I explained to him how it worked and worked fast to heal the soil. I explained to him what had been happening as corrosive gullies destroyed small acreage fields. I explained to him how, by working very hard, these farmers had defeated a destructive force of nature.

He did not share my enthusiasm. "Yeah, but it looks bad. Something ought to be done about it,' he explained to me, using small words so that I could understand

It is not fair for me to expect modern suburbanites and those who have been away from the soil for generations to understand the vast cultural differences between their culture and mine. My culture has its roots in post Civil War small farms. Modern suburbanite culture traces its roots to the 1950's during a time when order, appearances, and adherence to rules and regulations lead to homogeneous suburbs.

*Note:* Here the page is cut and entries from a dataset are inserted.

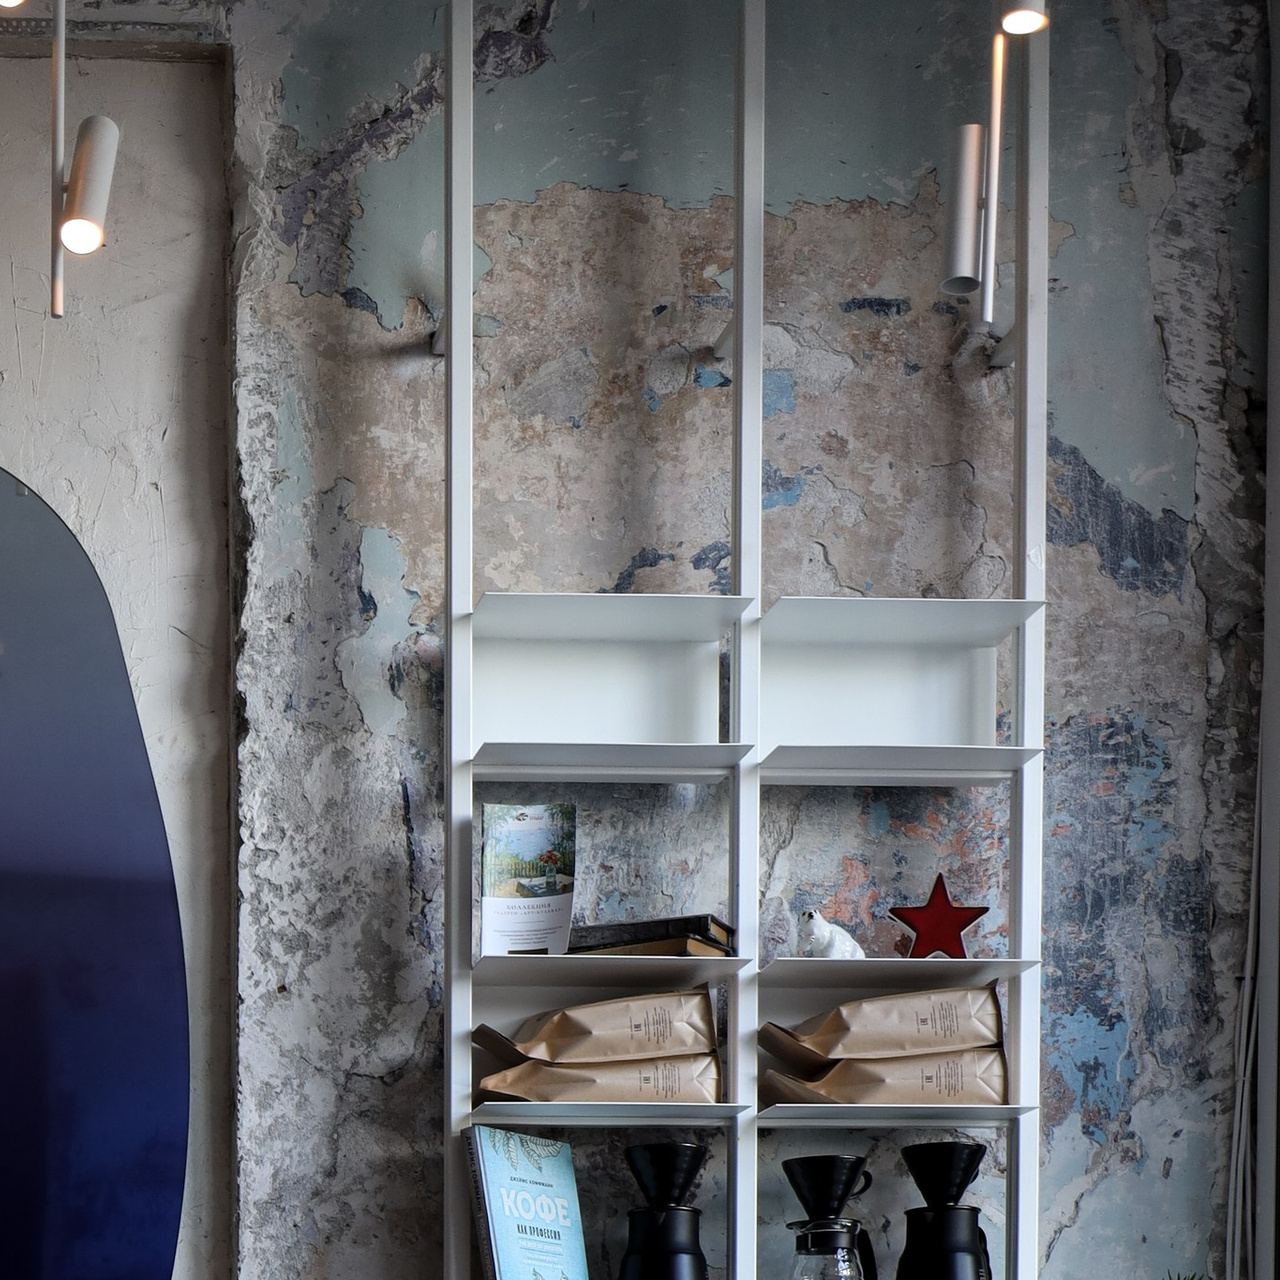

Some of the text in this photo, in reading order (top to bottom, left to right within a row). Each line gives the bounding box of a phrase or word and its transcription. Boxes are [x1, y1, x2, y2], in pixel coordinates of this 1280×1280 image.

[500, 1187, 572, 1227] КОФЕ
[517, 1224, 561, 1240] КАК ПРОФЕССИЯ
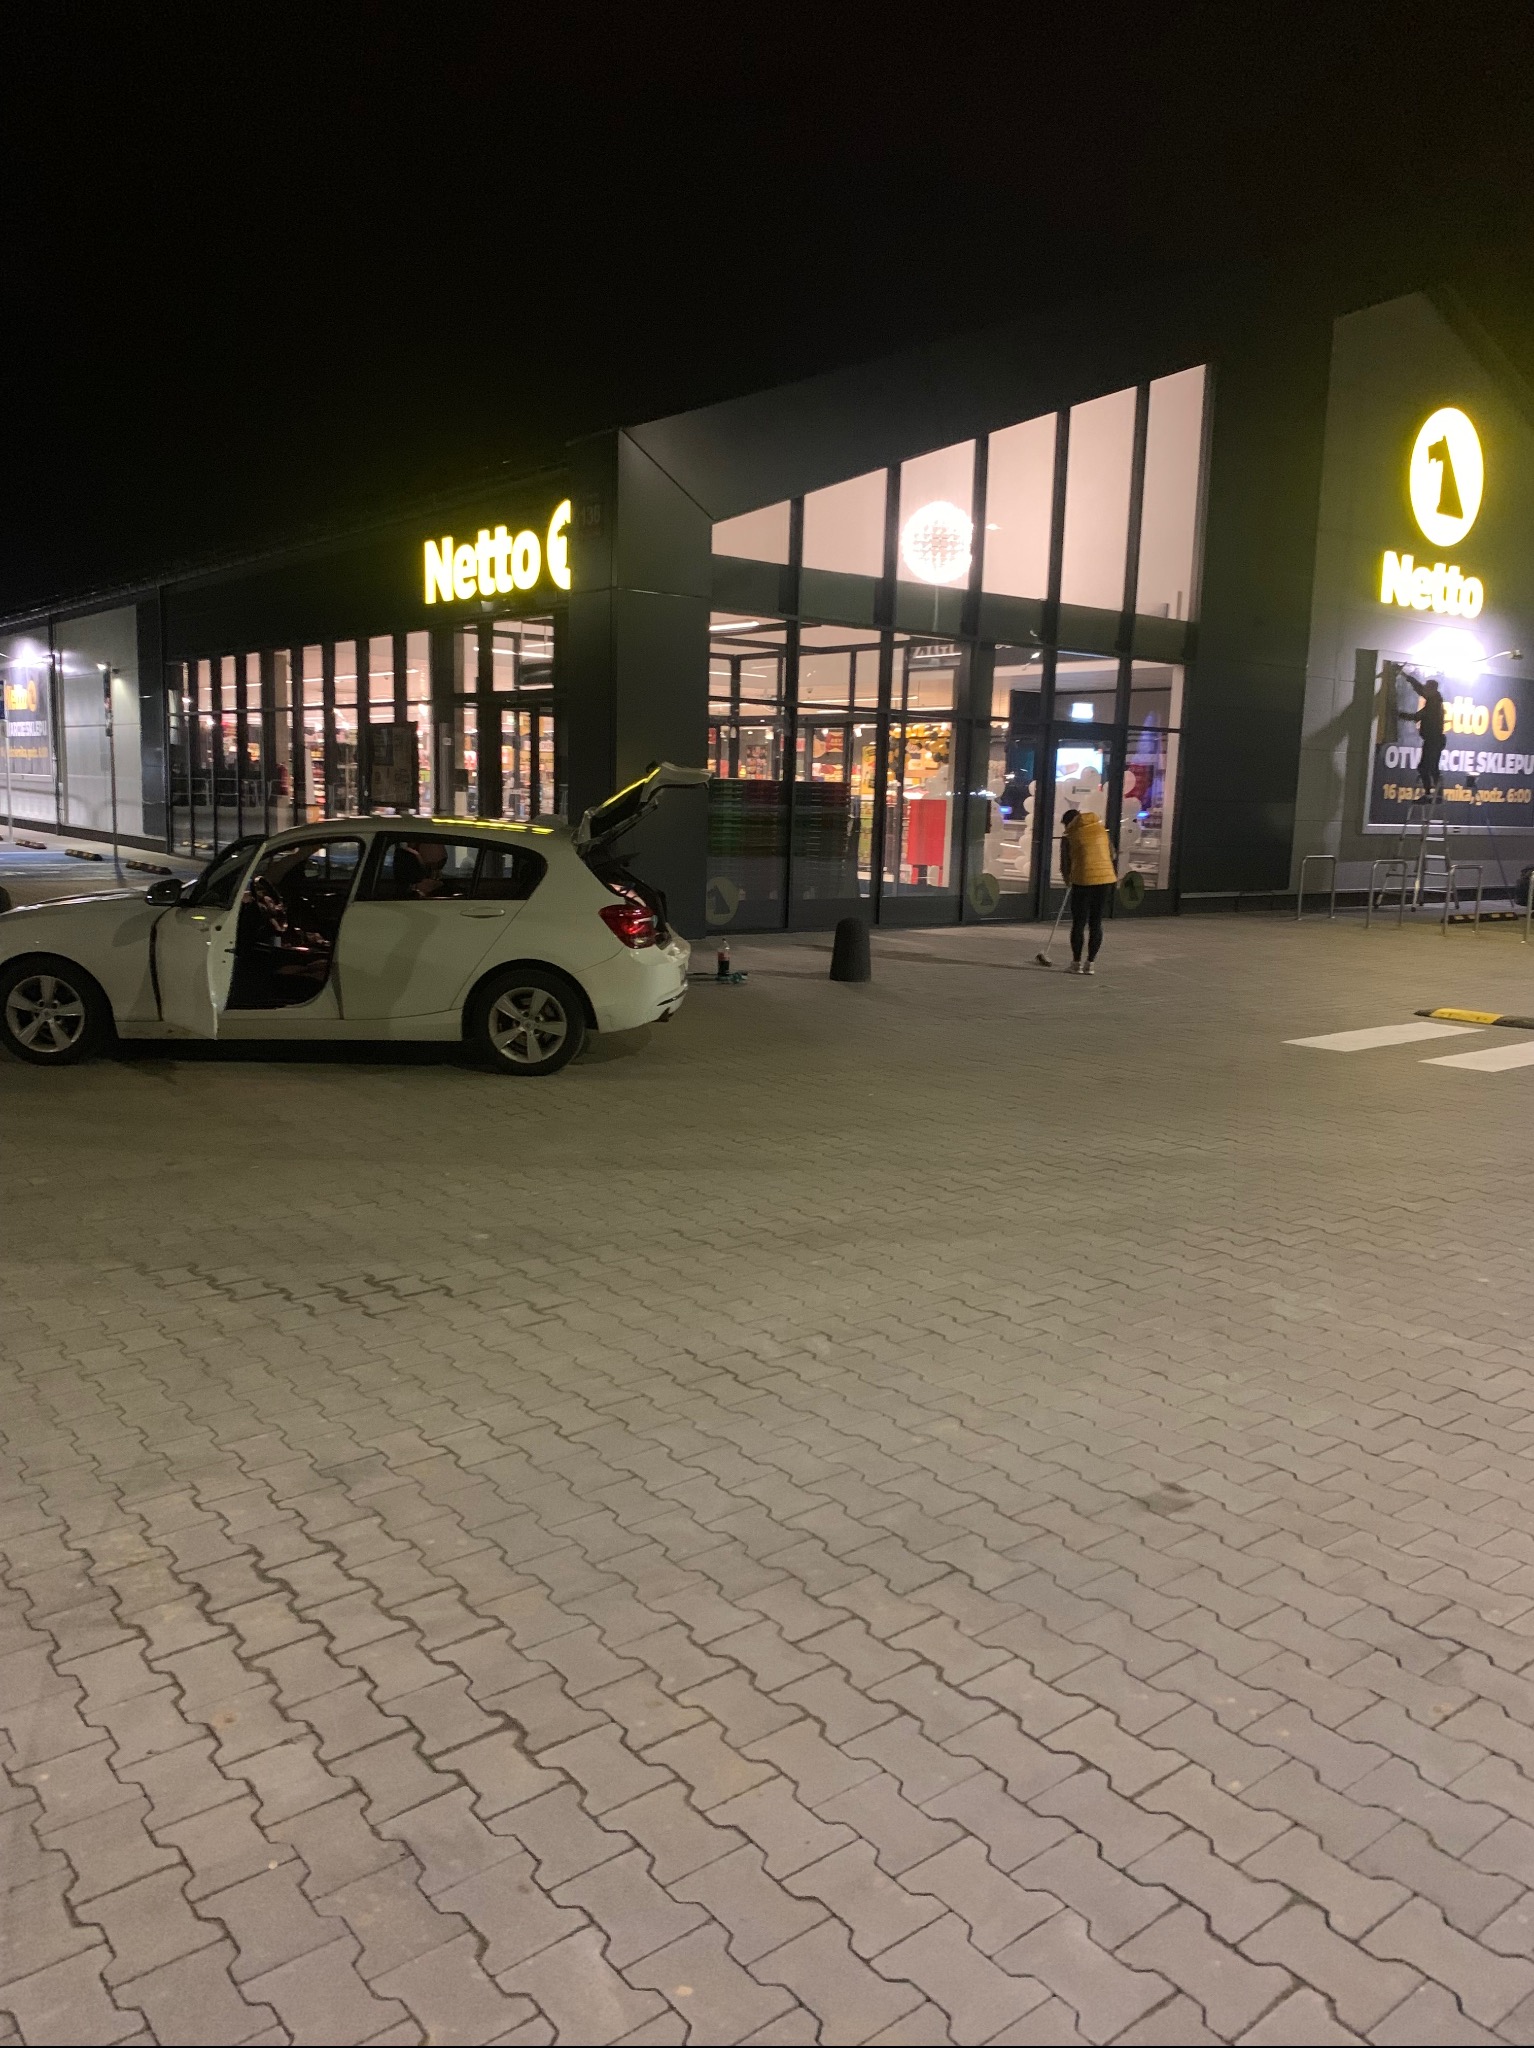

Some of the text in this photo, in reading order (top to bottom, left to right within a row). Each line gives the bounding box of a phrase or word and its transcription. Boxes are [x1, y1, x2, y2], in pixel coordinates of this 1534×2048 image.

[424, 525, 541, 604] Netto
[1380, 550, 1483, 618] Netto
[1413, 694, 1489, 735] etto
[1385, 745, 1534, 775] OTWRCIE SKLEPU
[1382, 783, 1397, 800] 16
[1476, 786, 1505, 806] godz.
[1506, 788, 1532, 804] 6:00

The ultimate fruit of modern suburbanite culture is the homeowners association and its role in determining and enforcing standards of appearance for the neighborhood. Farmers never had home owner's associations. We can barely stomach zoning laws (unless they protect us from having a housing development built in the community).

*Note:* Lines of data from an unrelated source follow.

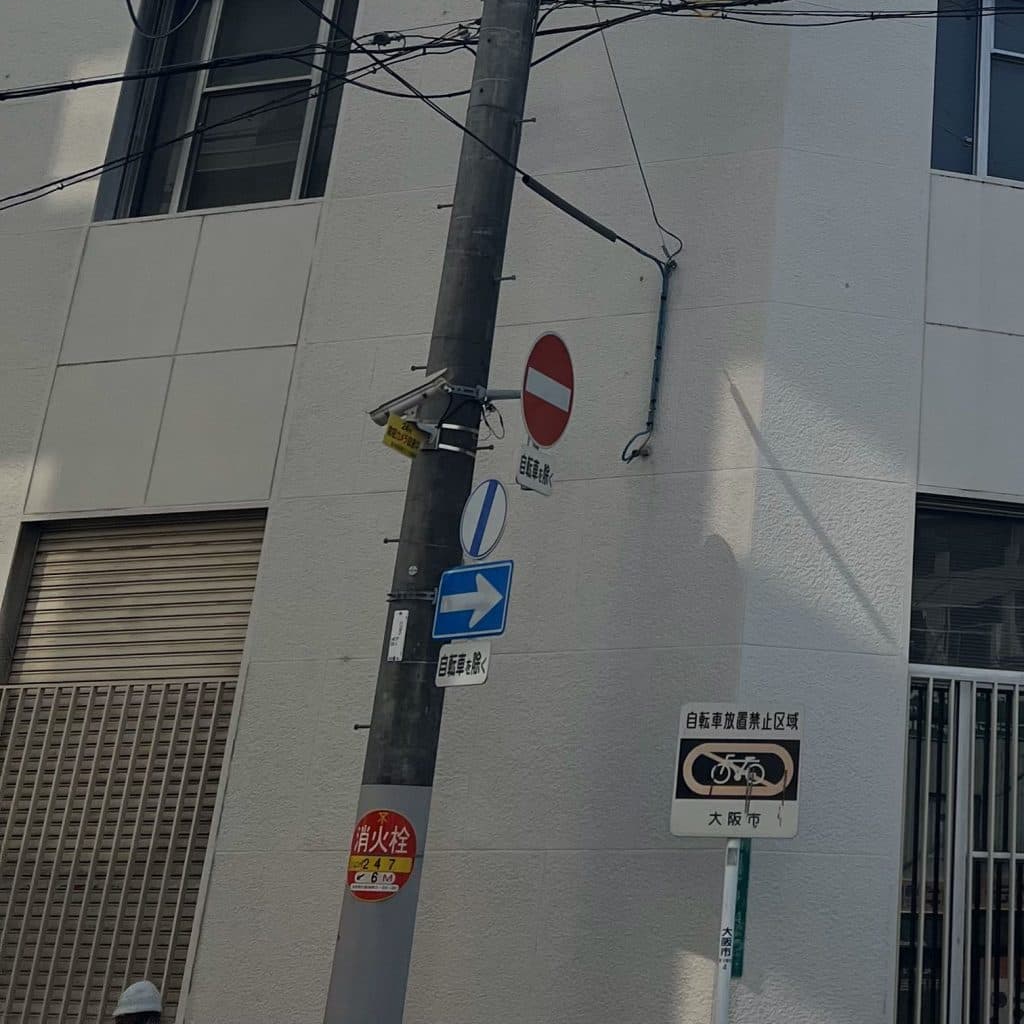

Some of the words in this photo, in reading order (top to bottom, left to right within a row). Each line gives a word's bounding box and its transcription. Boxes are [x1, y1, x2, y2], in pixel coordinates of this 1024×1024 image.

[686, 711, 799, 730] 自転車放置禁止区域
[708, 811, 761, 829] 大阪市
[354, 824, 410, 854] 消火栓
[720, 926, 733, 957] 大阪市
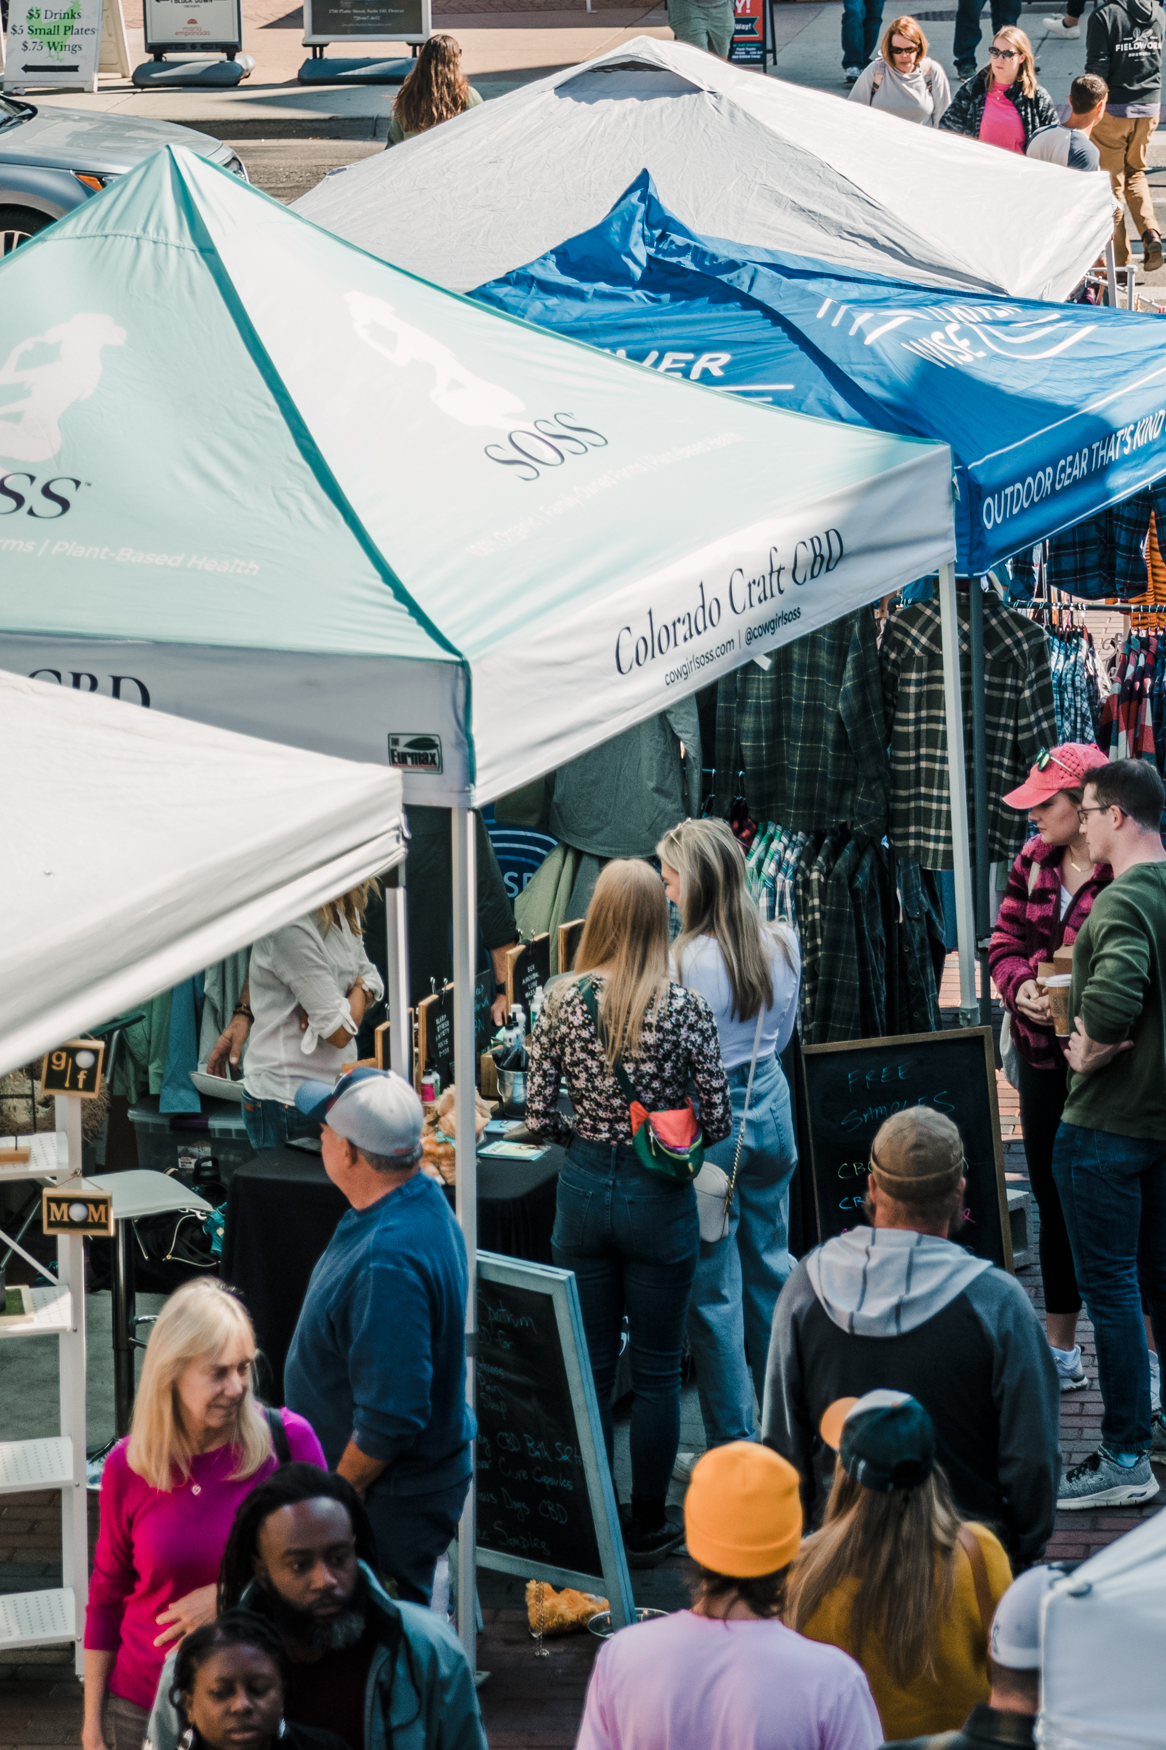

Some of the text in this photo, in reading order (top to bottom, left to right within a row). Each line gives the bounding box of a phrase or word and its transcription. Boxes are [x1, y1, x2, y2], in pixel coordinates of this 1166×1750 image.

It would be easy to assume, without giving it a thought, that as a highly educated professional living and educated in America, eating suburban food and watching many of the same TV shows, that my core values would be in line with that of mainstream suburban values.

But that is not how it works.

My Welsh ancestors settled within 10 miles of the horse lot in 1635. To my knowledge, from then until now, I have only had one male ancestor in my direct line who never was a farmer. My culture is fading fast. When I was a child  at least 25% of the natives here still pronounced their words in keeping with their Elizabethan and African roots. I do not know of anyone with an advanced degree in my generation that still does so..but me. As I child I grew up surrounded by farms and farmers. Now I am still surrounded by farms, but the number of farmers who work that land has dwindled to just a handful--still a lot of land to be worked but worked by only a few people.

We are now a small minority that is quickly being swallowed up by the dominant culture. Such is simply the way that societies work. I have resigned myself, when off of the horse lot, to making adjustments  to this culture. The population of my county has doubled in my life time. People routinely move  into the county and pronounce the names of their roads (we never had "streets", we always made due with "roads") and communities different than they have been pronounced for the last three hundred years. It is a bit entertaining to watch as they try so earnestly to help me understand that we have been pronouncing these words wrong all along.

White suburbanite culture has never lacked confidence in its belief that its values were not only the best values, they were in fact the only values, that were worth understanding. Daddy is one of the last people living around here who actually plowed  horses in the field as a very young child.  He was a farrier for fifty years. He trained endless numbers of horses, ponies and mules to saddle and to plow, and to pull buggies and sulkys. But that was never enough to stop people, who might have a string of horse training dvds that they purchased to help them train their first horse,  from explaining to Daddy that he must not have developed "relationships" with his horses as well as they are doing with their first horse.

I am convinced that in order for our program to succeed it must be governed by the best aspects of my cultural roots. Any other option will lead to making the appearance of the place a matter of highest priority. That will cut the heart out of what we do.  I am very much in favor of man made beauty as long as it is functional. Our shelter around the round pen will be a great example of functional beauty. It will be unique and it will serve as an educational opportunity to teach about native vines.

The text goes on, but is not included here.